··· Exercise materials ···

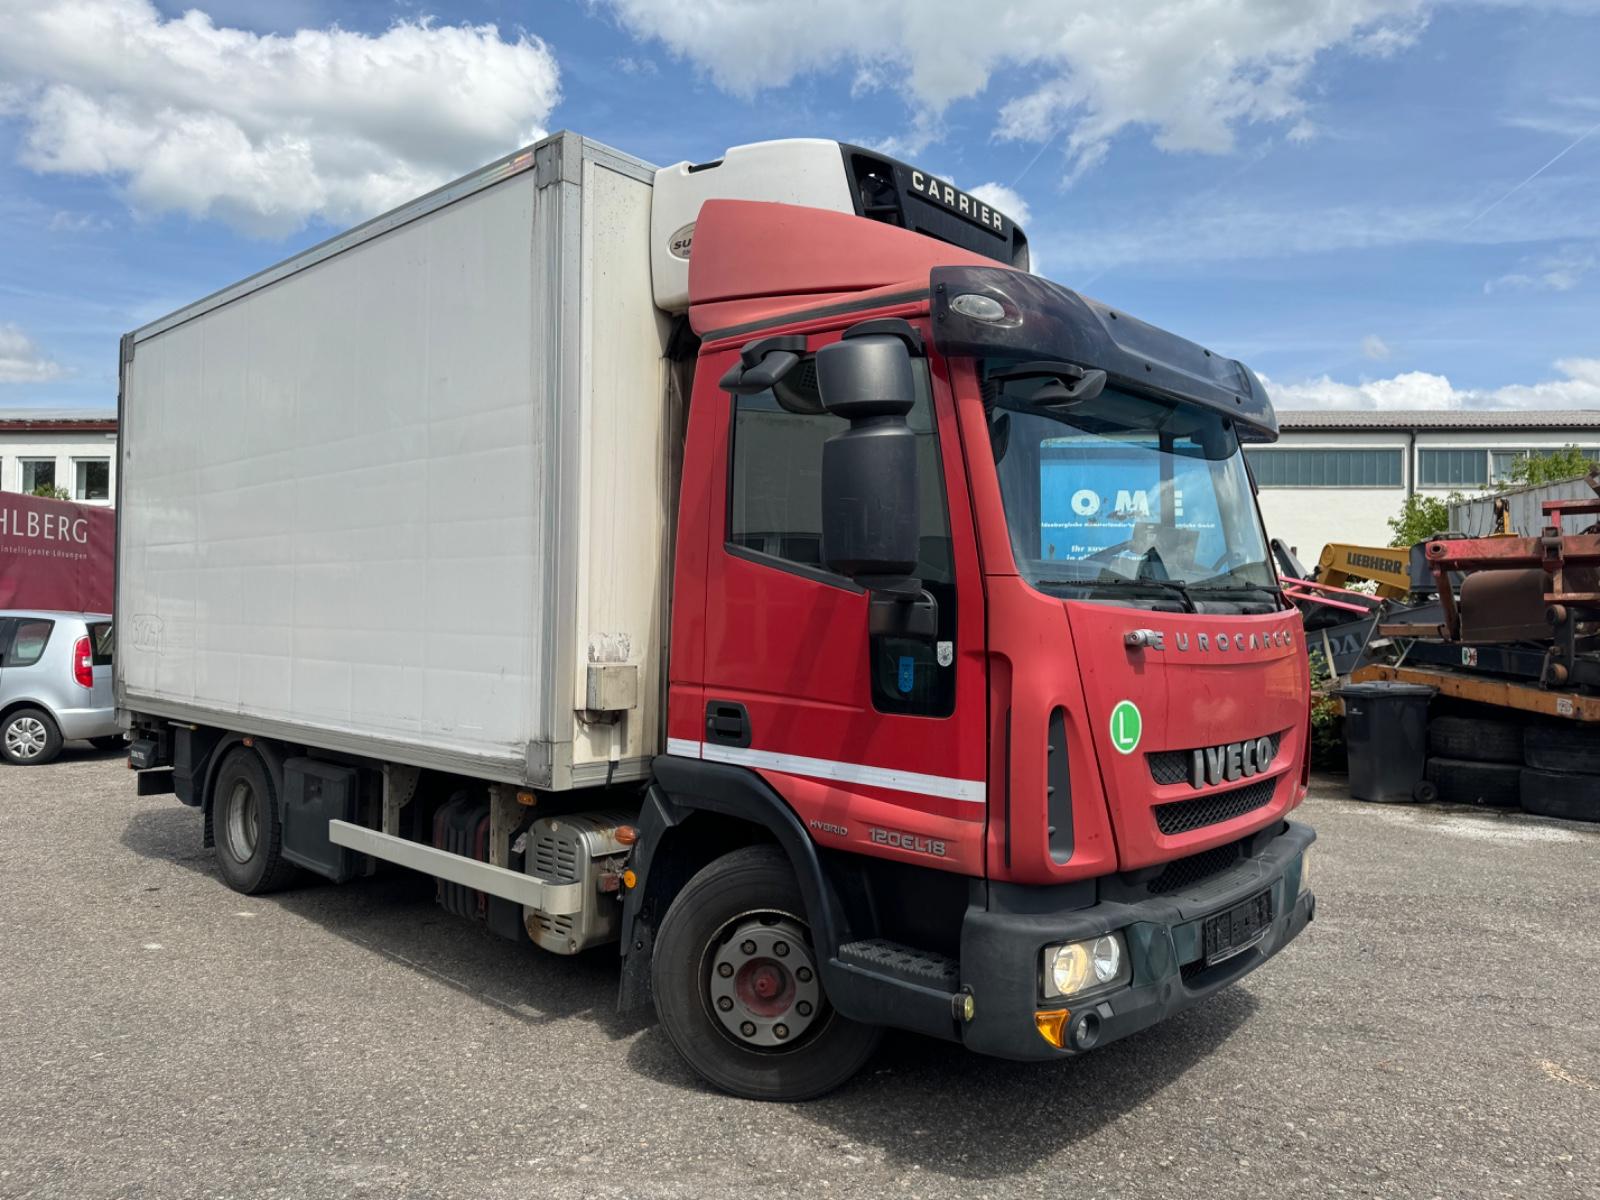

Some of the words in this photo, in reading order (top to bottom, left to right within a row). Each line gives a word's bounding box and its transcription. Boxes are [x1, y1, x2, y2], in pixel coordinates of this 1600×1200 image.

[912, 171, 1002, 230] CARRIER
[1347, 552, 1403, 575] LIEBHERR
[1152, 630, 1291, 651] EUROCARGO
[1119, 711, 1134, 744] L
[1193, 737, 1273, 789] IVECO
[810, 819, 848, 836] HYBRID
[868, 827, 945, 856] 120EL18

···

Write out the entries above in full and exactly; no pictures.

Response for this exercise:
Some of the words in this photo, in reading order (top to bottom, left to right within a row). Each line gives a word's bounding box and its transcription. Boxes are [x1, y1, x2, y2], in pixel coordinates of this 1600×1200 image.

[912, 171, 1002, 230] CARRIER
[1347, 552, 1403, 575] LIEBHERR
[1152, 630, 1291, 651] EUROCARGO
[1119, 711, 1134, 744] L
[1193, 737, 1273, 789] IVECO
[810, 819, 848, 836] HYBRID
[868, 827, 945, 856] 120EL18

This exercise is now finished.